Getting Warmer? Why recent progress on energy bills falls short for high-need households
Getting Warmer? Why recent progress on energy bills falls short for high-need households 1.49 MB
It is now four years since the coronavirus pandemic and Russia’s invasion of Ukraine triggered a rapid rise in energy prices. In those four years, the price of energy bills has moved from a cyclical challenge to a structural threat to household financial stability in the UK. Energy bills are still high by historical standards and are around 54% higher than in January 2021, despite Government intervention.
While many households are now able to cover their energy bills, a significant proportion of households have found themselves in a deeper crisis. New, nationally representative polling commissioned by Citizens Advice shows how high energy bills remain a key financial challenge facing millions of households.
Hardship caused by high energy bills is increasingly concentrated among specific groups on low incomes, who cannot easily shift their energy usage.
These include those on means tested benefits and those with higher energy needs such as households with children and those with disabilities or long term health conditions.

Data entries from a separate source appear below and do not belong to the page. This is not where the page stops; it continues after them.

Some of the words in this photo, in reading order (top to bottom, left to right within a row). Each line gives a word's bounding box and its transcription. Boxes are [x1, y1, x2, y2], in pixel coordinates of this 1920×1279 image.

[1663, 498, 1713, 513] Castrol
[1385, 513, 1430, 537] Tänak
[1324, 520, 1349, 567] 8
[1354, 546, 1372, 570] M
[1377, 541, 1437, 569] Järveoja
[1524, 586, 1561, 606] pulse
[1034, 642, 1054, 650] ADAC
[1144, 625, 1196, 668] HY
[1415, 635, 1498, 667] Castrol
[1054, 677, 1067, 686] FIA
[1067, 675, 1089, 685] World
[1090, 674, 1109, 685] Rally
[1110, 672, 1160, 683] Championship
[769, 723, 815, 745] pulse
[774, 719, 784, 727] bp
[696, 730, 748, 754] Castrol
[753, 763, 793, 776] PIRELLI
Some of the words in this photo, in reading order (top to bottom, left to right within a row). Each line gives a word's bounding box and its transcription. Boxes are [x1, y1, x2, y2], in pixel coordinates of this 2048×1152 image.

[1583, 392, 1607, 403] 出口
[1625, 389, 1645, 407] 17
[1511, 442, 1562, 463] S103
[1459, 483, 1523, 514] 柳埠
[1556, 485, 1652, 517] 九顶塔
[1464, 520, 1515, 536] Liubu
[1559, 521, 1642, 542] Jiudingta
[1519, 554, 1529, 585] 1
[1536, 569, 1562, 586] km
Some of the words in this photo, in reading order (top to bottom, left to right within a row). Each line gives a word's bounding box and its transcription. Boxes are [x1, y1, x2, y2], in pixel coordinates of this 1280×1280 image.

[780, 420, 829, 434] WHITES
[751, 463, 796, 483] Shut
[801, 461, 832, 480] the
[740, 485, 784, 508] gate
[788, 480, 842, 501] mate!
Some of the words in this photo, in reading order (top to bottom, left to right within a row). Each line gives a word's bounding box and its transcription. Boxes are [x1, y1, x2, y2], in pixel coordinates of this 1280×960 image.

Other groups, like renters, may be living in less energy efficient homes that they are unable to make upgrades to.
While those who rely solely on electricity pay disproportionately high costs. In our survey, 35% of renters said they struggled to reliably afford their energy bills and 30% of those who only used electricity said they struggled to afford theirs. Furthermore, national statistics tell us that electrically heated households are twice as likely to be fuel poor, with an affordability gap which is nearly three times larger than those who use gas.